▶ _The input_:
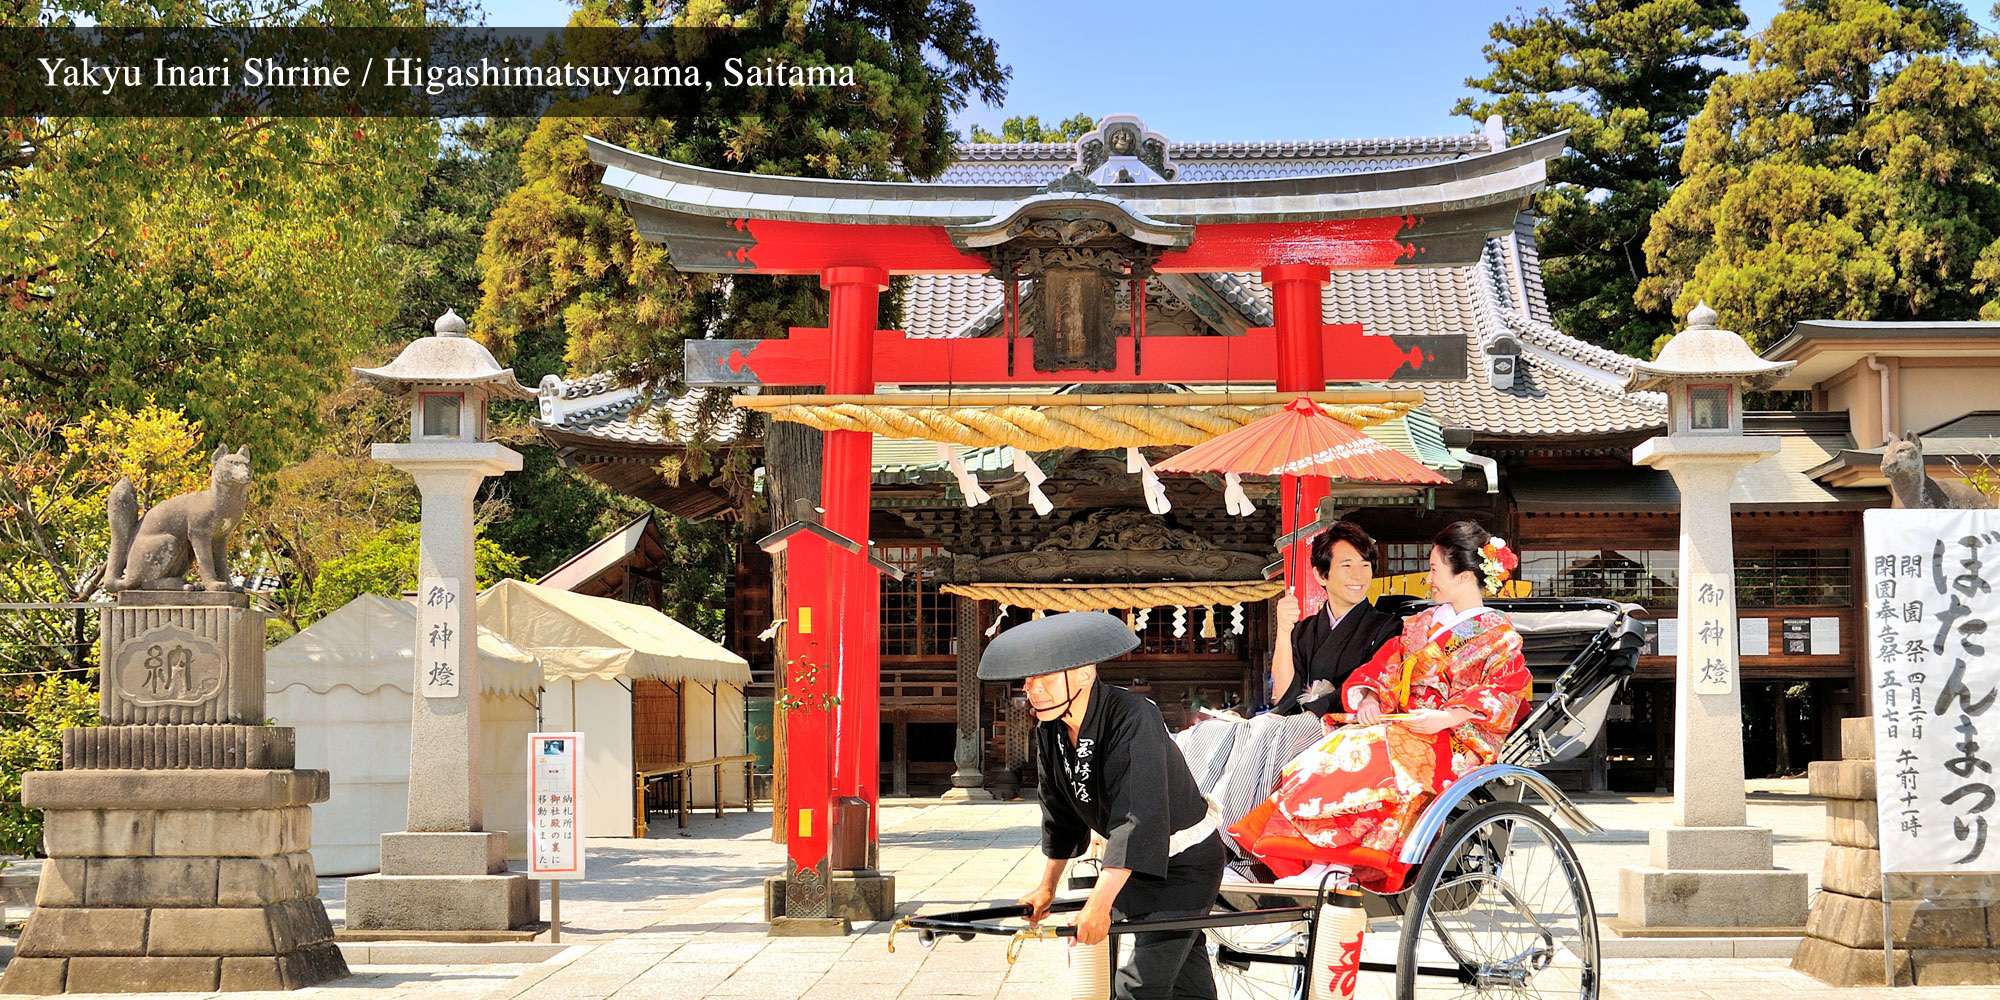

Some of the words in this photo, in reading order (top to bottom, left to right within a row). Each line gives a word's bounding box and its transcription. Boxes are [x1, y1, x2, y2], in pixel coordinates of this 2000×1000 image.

[427, 585, 456, 687] 御神燈
[1698, 582, 1730, 685] 御神燈
[1877, 668, 1903, 740] 五月七日
[1931, 529, 2000, 865] ぼたんまつり
[562, 794, 573, 840] 納札所は
[1895, 748, 1923, 839] 午前十一時
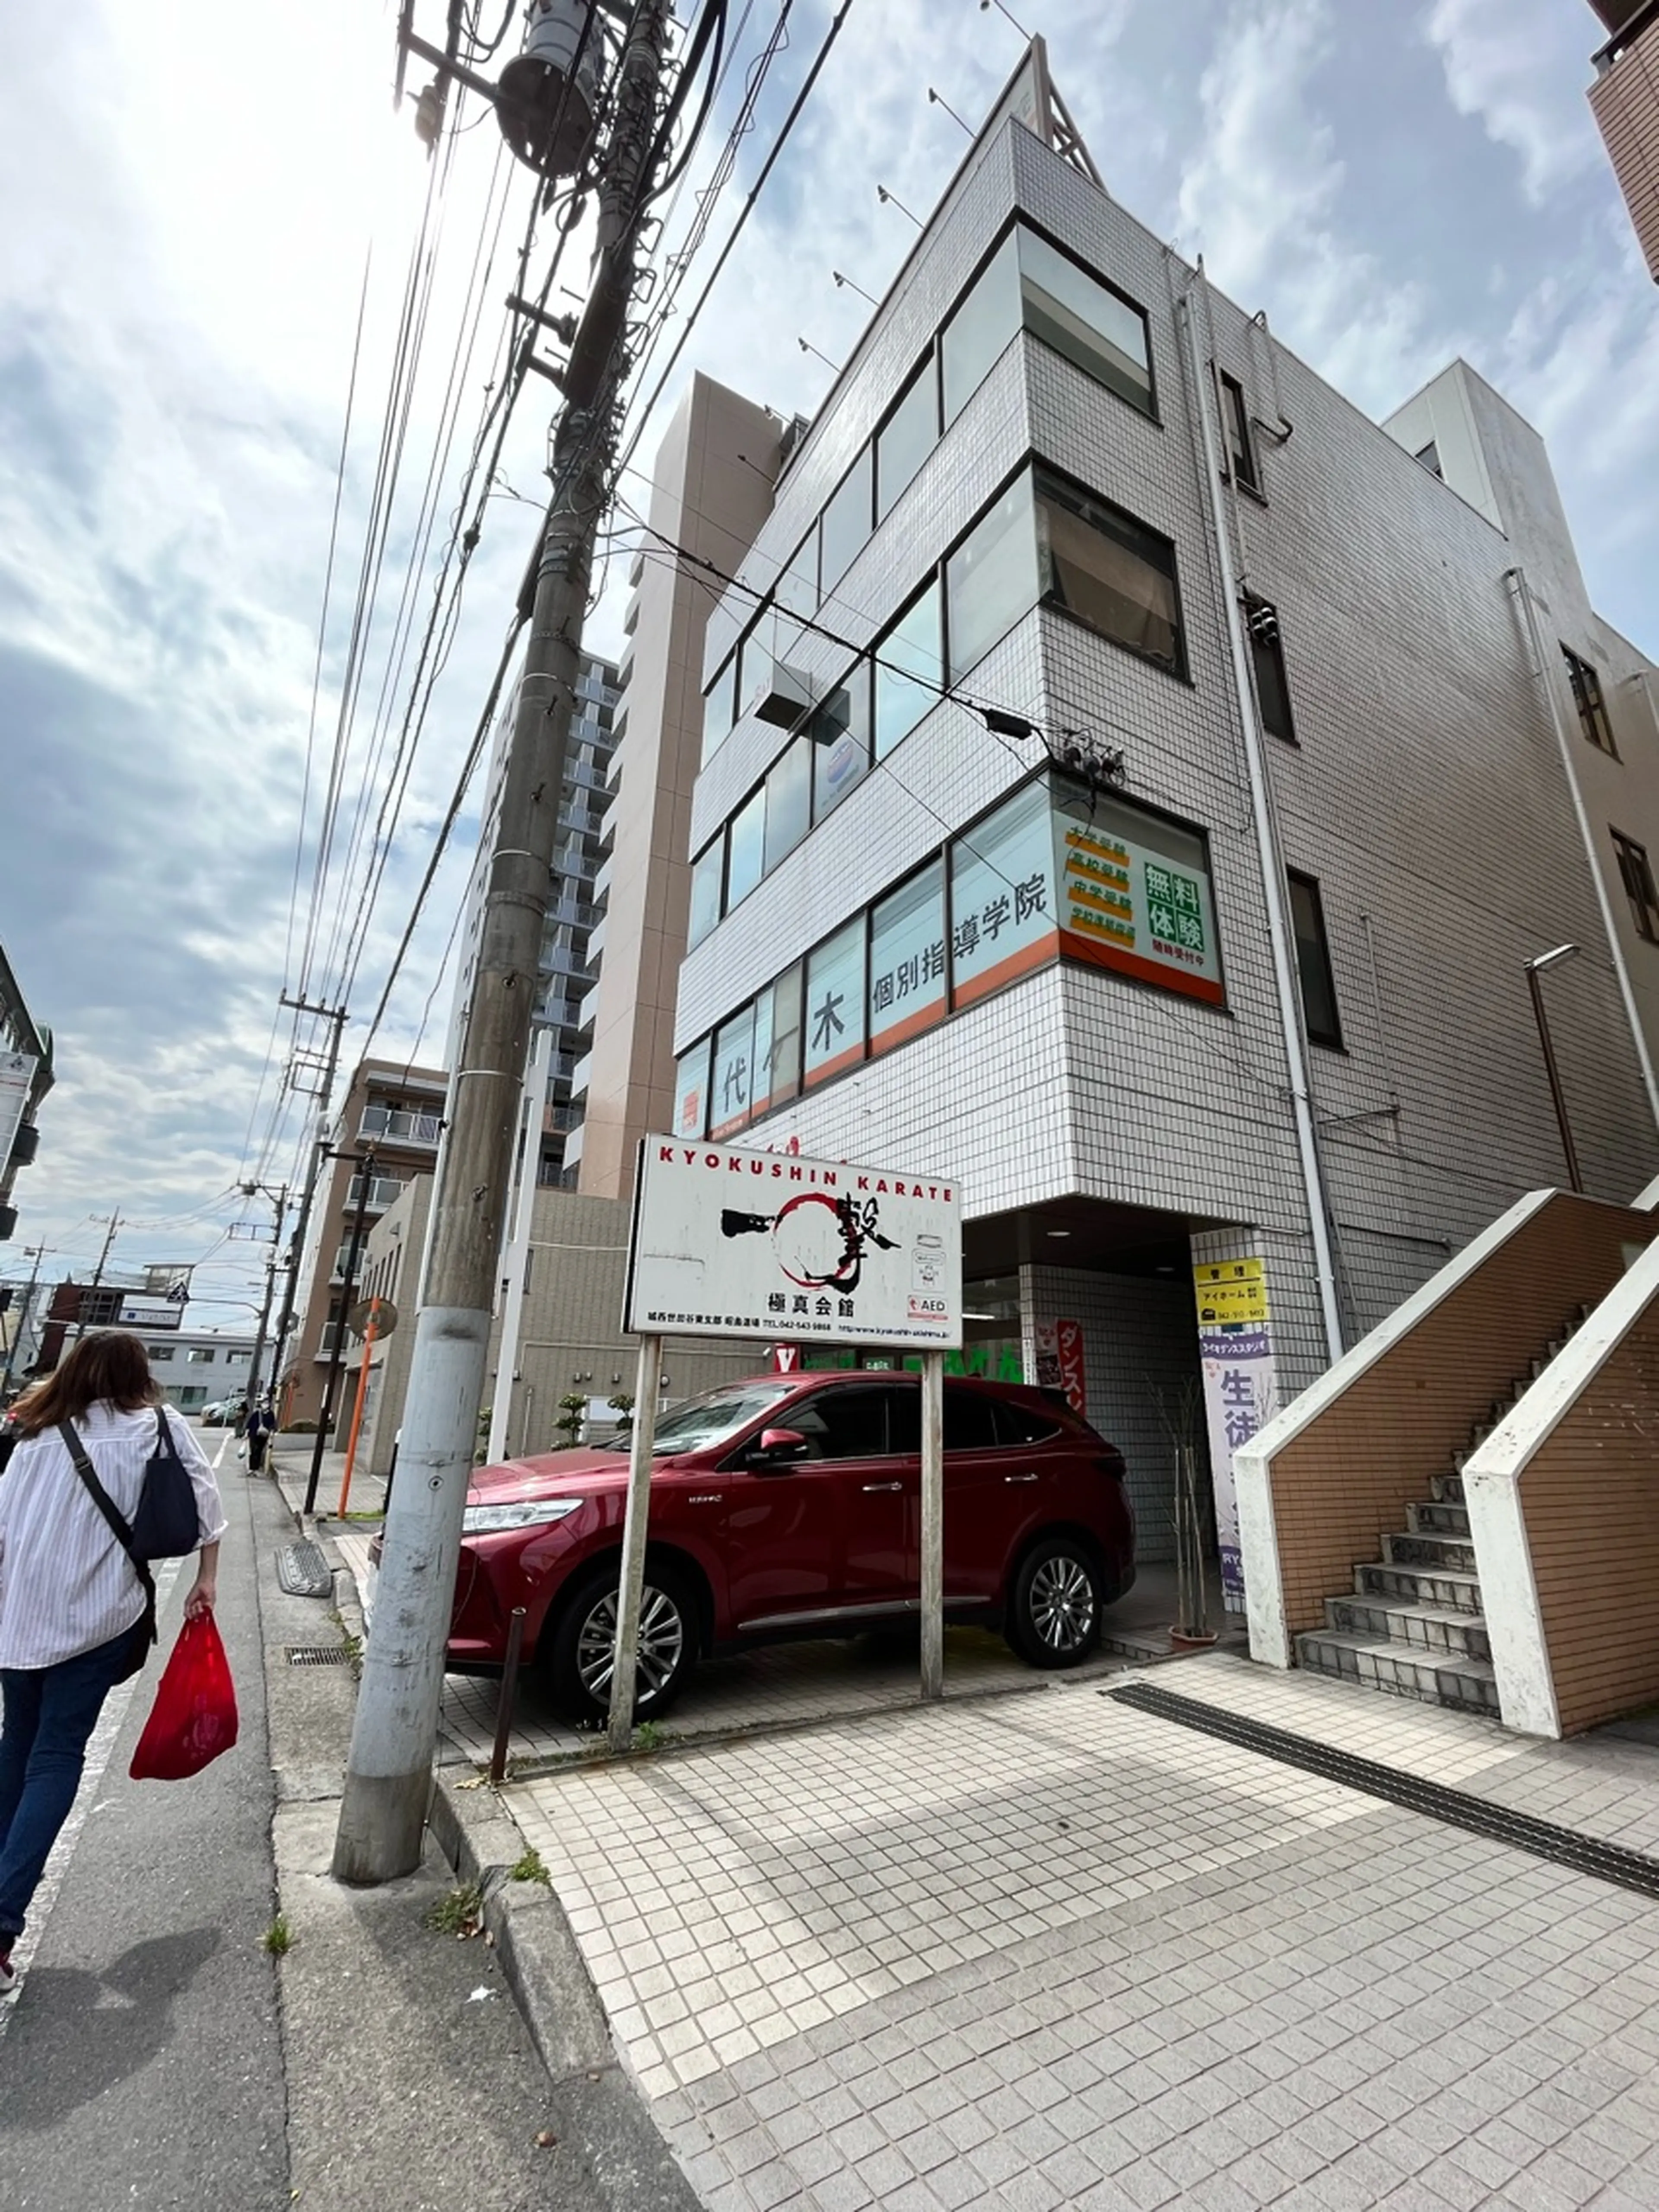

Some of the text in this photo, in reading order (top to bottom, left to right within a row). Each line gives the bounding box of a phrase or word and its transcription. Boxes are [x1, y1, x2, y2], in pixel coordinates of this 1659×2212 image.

[1146, 865, 1198, 912] 無料
[872, 873, 1048, 1014] 個別指導学院
[1150, 904, 1203, 950] 体験
[660, 1146, 952, 1202] KYOKUSHIN KARATE
[768, 1292, 854, 1317] 極真会館
[921, 1300, 945, 1311] AED
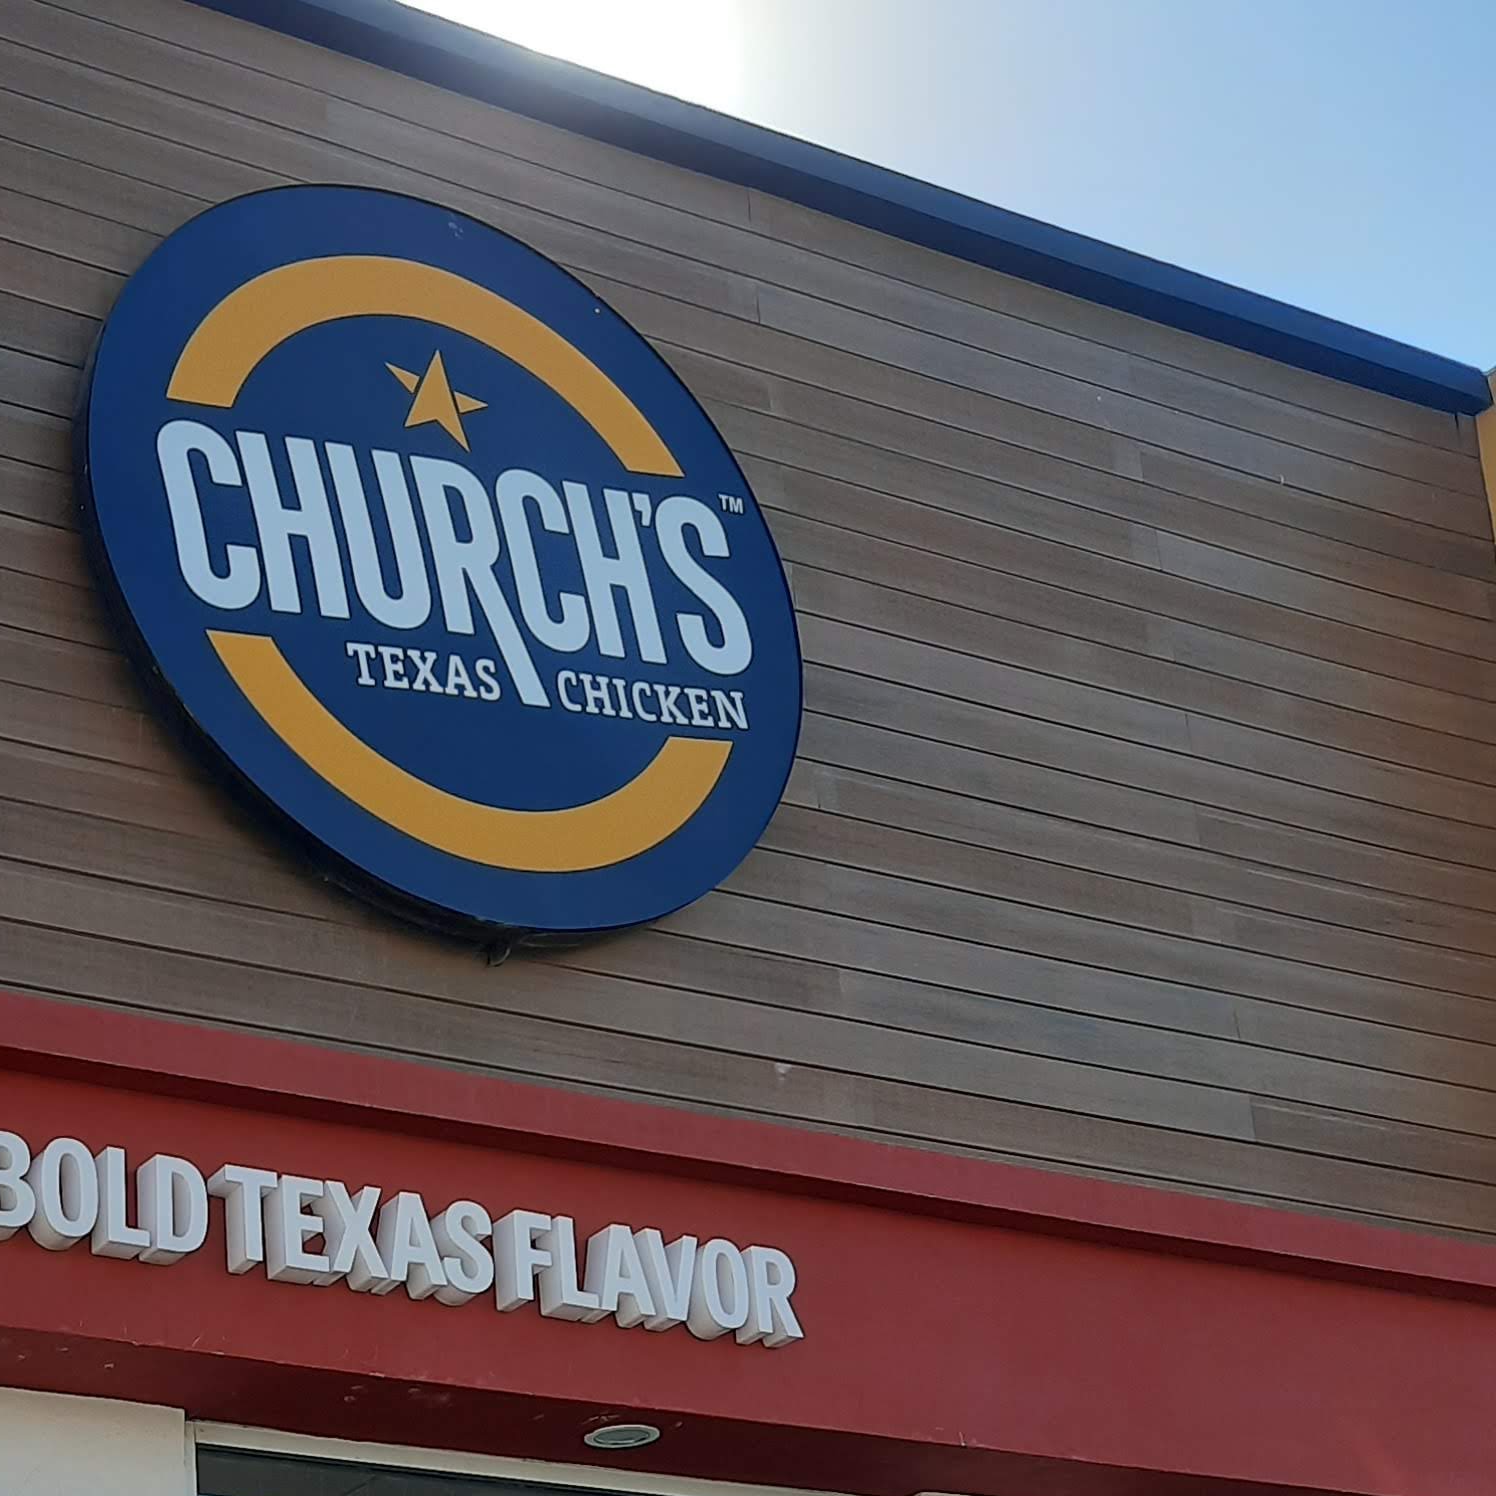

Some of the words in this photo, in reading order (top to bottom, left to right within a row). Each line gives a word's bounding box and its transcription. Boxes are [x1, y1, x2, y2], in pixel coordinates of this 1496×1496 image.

▶ _Problem to solve_: Without the pictures, retype the whole of the material above exactly.

▶ _Task output_:
Some of the words in this photo, in reading order (top to bottom, left to right within a row). Each line gives a word's bounding box and its transcription. Boxes are [x1, y1, x2, y2], in pixel coordinates of this 2000×1000 image.

[427, 585, 456, 687] 御神燈
[1698, 582, 1730, 685] 御神燈
[1877, 668, 1903, 740] 五月七日
[1931, 529, 2000, 865] ぼたんまつり
[562, 794, 573, 840] 納札所は
[1895, 748, 1923, 839] 午前十一時

Some of the text in this photo, in reading order (top to bottom, left to right within a row). Each line gives the bounding box of a phrase or word and its transcription. Boxes are [x1, y1, x2, y2], in pixel coordinates of this 1659×2212 image.

[1146, 865, 1198, 912] 無料
[872, 873, 1048, 1014] 個別指導学院
[1150, 904, 1203, 950] 体験
[660, 1146, 952, 1202] KYOKUSHIN KARATE
[768, 1292, 854, 1317] 極真会館
[921, 1300, 945, 1311] AED

Some of the words in this photo, in reading order (top to bottom, left to right within a row). Each line gives a word's bounding box and its transcription. Boxes are [x1, y1, x2, y2], in pixel coordinates of this 1496×1496 image.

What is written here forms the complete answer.